A native of Peru, Dr Vivanco received his BA in Molecular and Cellular Biology from the University of California at Berkeley, and his PhD in Molecular Biology from the University of California at Los Angeles under Dr. Charles Sawyers. Dr Vivanco completed postdoctoral training in the laboratory of Dr Ingo Mellinghoff at Memorial Sloan Kettering Cancer Center, where he focused on the study of oncogenic EGFR and PI3K signalling. In 2014, he moved to the Institute of Cancer Research in London, where he leads Molecular Addictions team in the Division of Cancer Therapeutics.
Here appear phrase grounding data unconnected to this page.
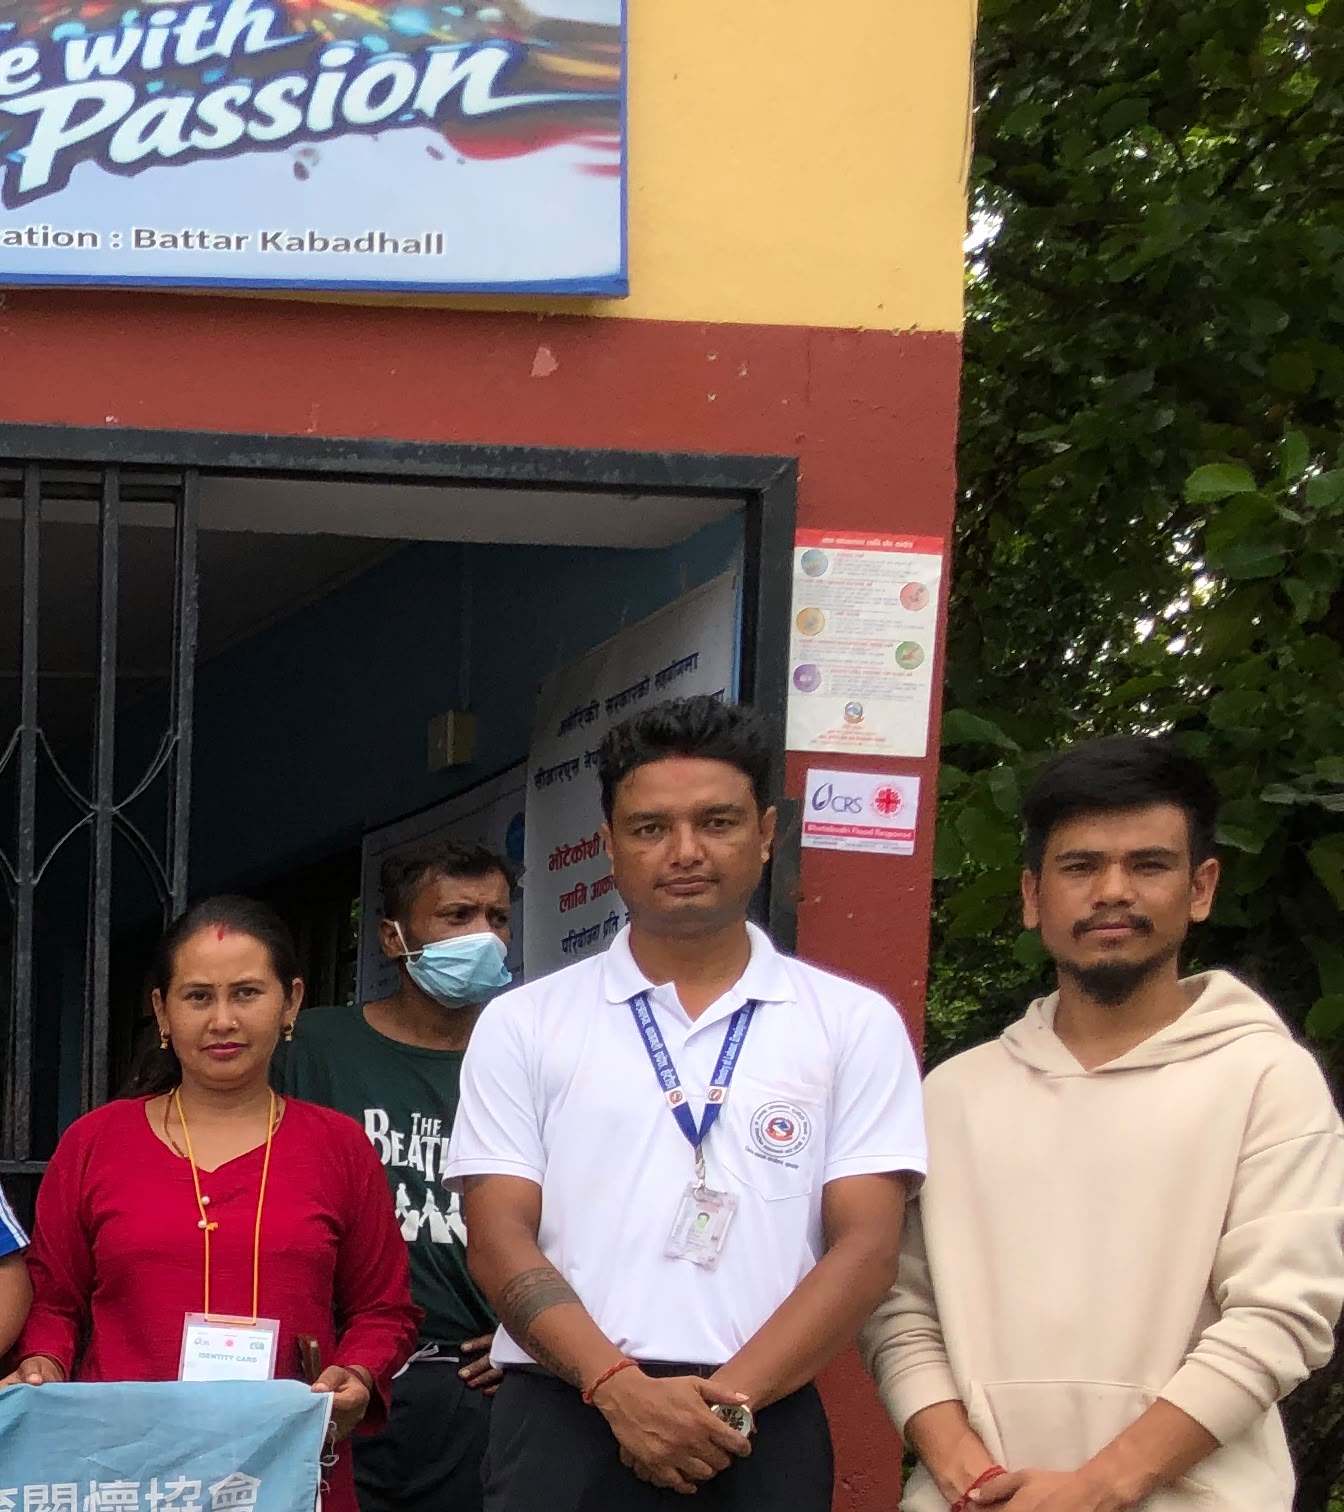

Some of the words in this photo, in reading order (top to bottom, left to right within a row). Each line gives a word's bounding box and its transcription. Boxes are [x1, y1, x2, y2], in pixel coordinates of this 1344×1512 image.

[62, 0, 313, 84] with
[132, 226, 250, 254] Battar
[260, 230, 446, 257] Kabadhall
[831, 795, 863, 814] CRS
[410, 1112, 442, 1137] THE
[198, 1352, 235, 1362] IDENTITY
[235, 1354, 258, 1364] CARD
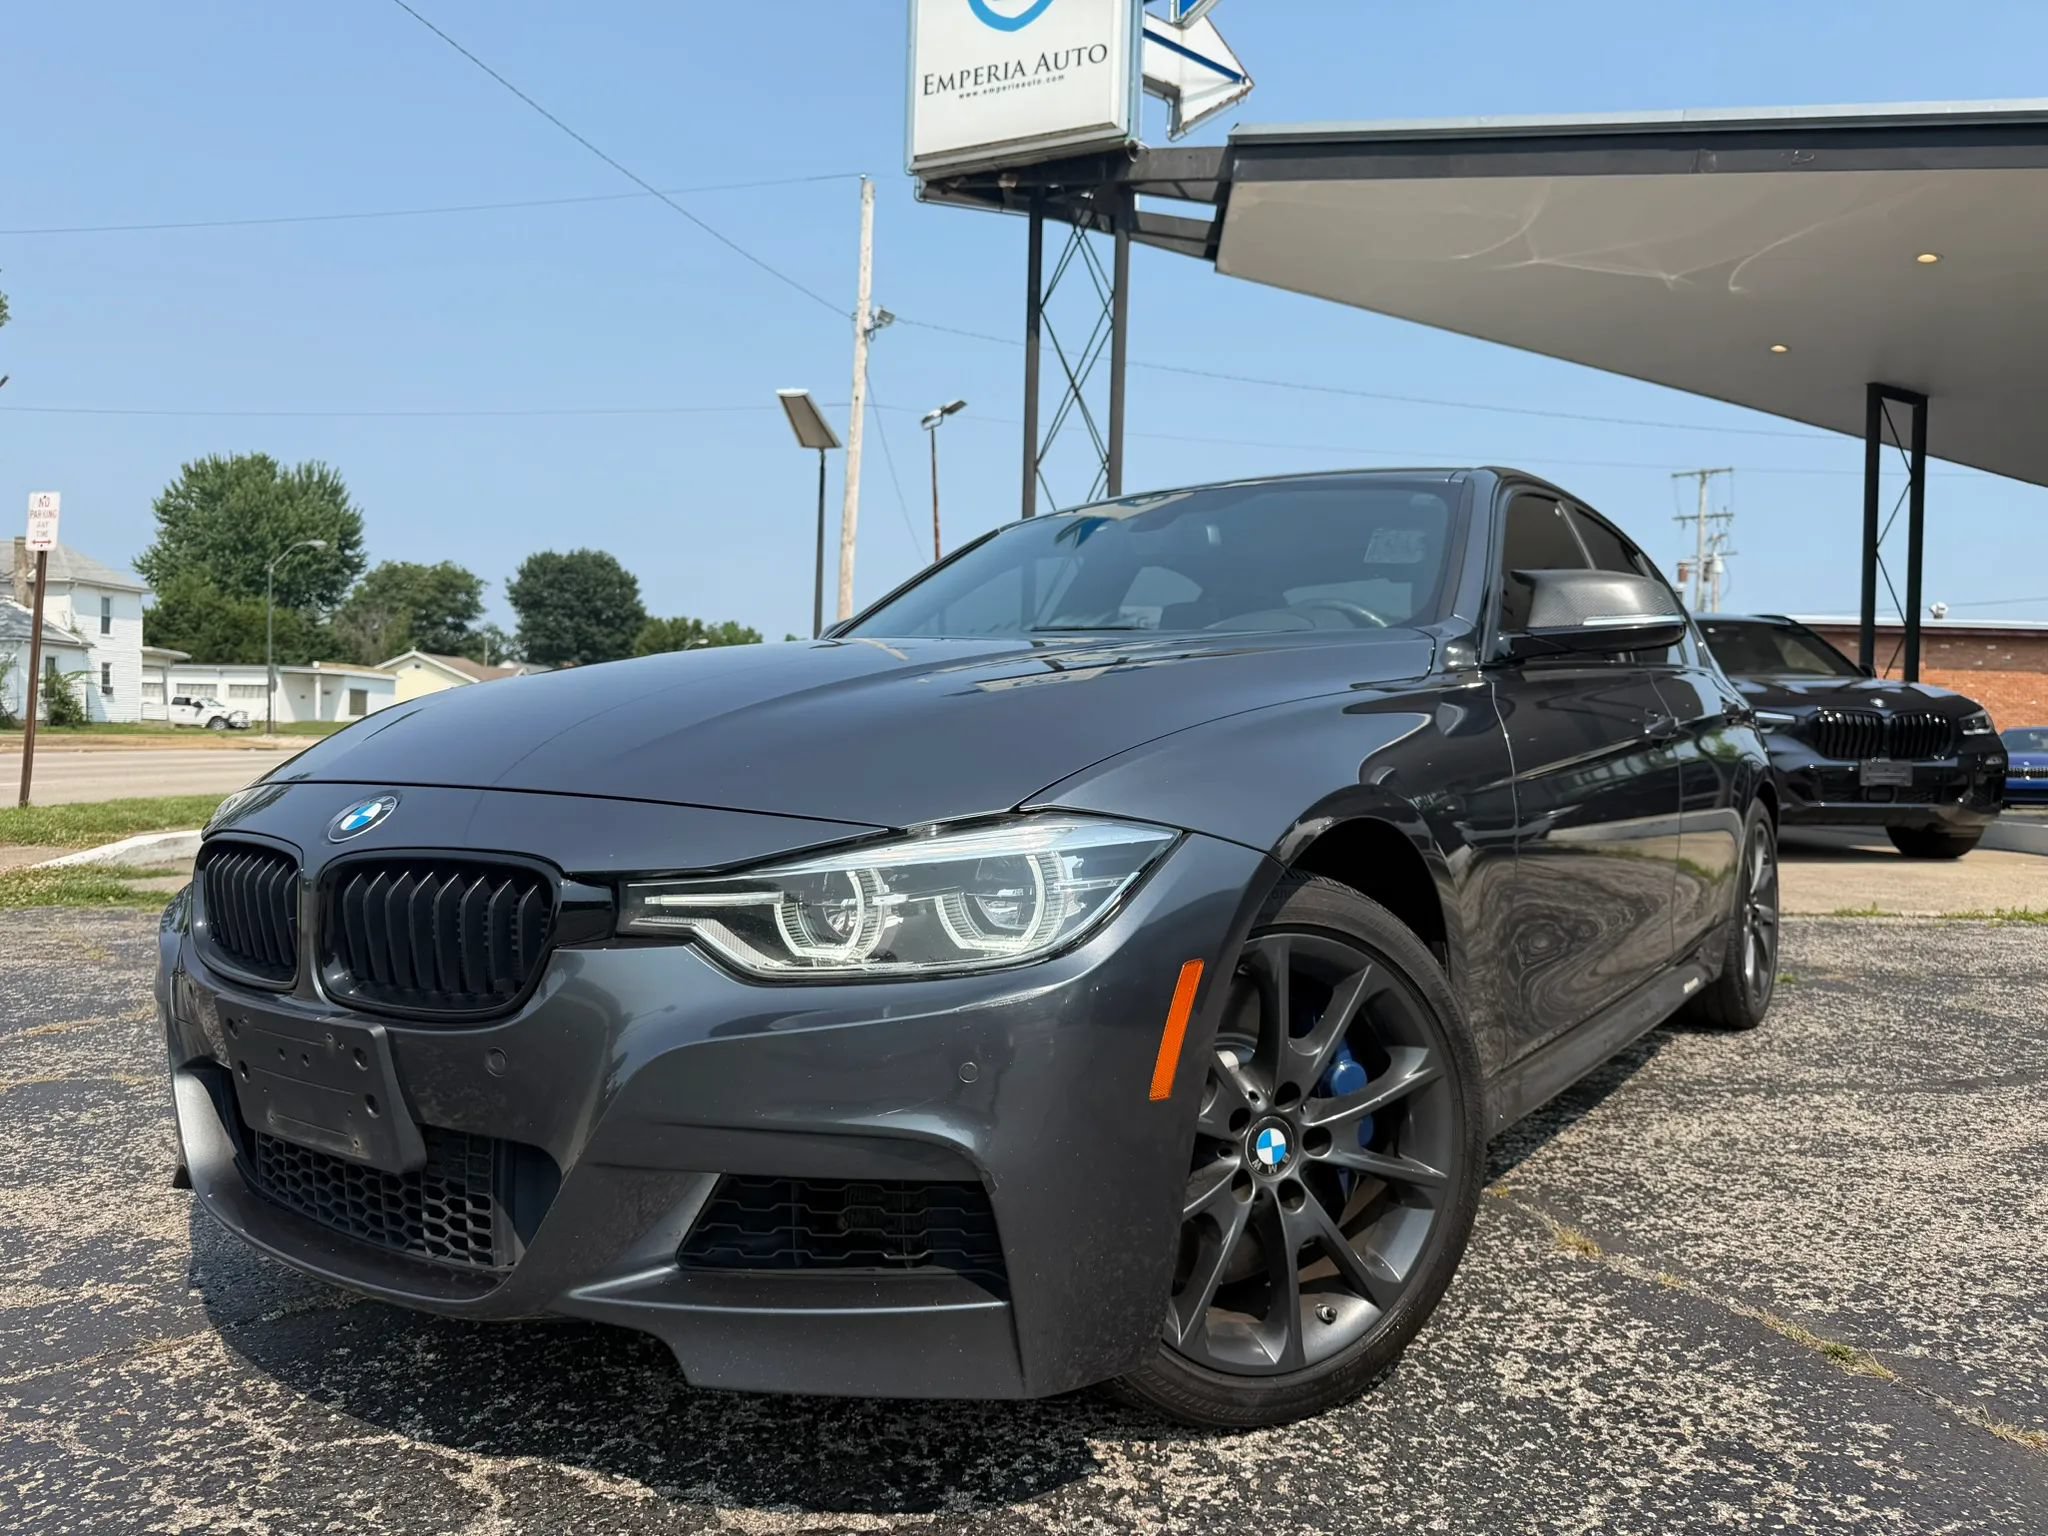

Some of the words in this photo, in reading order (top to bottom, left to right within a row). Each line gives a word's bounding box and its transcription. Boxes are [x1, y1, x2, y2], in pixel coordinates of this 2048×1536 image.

[923, 59, 1026, 96] EMPERIA
[1034, 43, 1108, 76] AUTO
[38, 497, 51, 508] NO
[30, 510, 57, 519] PARKING
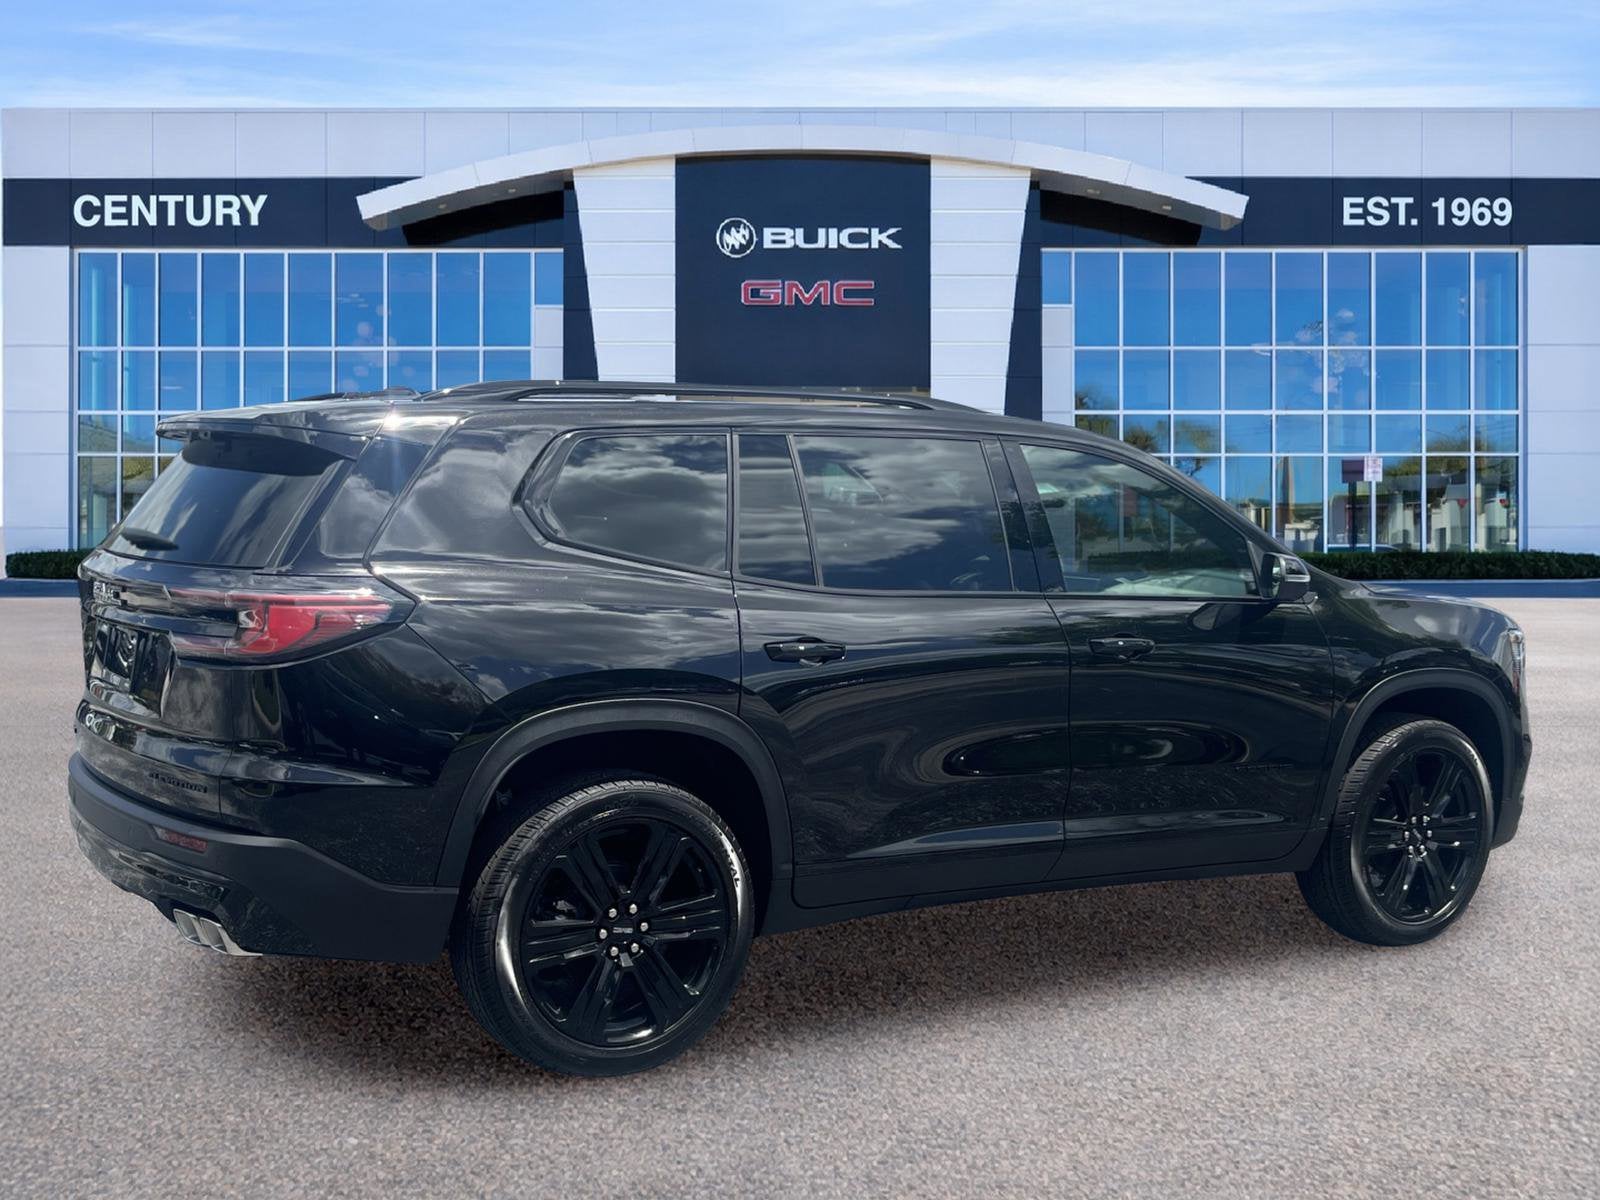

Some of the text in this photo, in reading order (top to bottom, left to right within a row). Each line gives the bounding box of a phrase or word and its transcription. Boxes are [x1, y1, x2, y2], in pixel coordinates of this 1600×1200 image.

[73, 194, 268, 227] CENTURY
[1343, 196, 1513, 226] EST. 1969
[763, 227, 902, 249] BUICK
[741, 280, 874, 305] GMC
His laboratory studies the molecular basis of PI3K addiction in a variety of tumours with a particular focus on understanding the contribution of non-catalytic functions of AKT and other AGC kinases to PI3K-dependent cell survival.

Guido Zaman

Guido Zaman
Managing Director & Head of Biology
Netherlands Translational Research Center
Guido Zaman
Managing Director & Head of Biology
Netherlands Translational Research Center
 
About Speaker:

Guido Zaman is Managing Director and Head of Biology of NTRC, a biotech company based in the Netherlands. NTRC (Netherlands Translational Research Center B.V.) translates novel biological concepts into new small molecule drug leads. Guido Zaman founded NTRC together with former colleagues at Merck, Sharp & Dohme (MSD) in 2011. Guido Zaman received his Ph.D. in Science from the University of Nijmegen and worked for five years at the Netherlands Cancer Institute in Amsterdam, before he moved to pharmaceutical industry in 1996. At N.V. Organon, Schering-Plough and MSD he led several multidisciplinary and international teams, including on protein kinases, and was senior director of Molecular Pharmacology.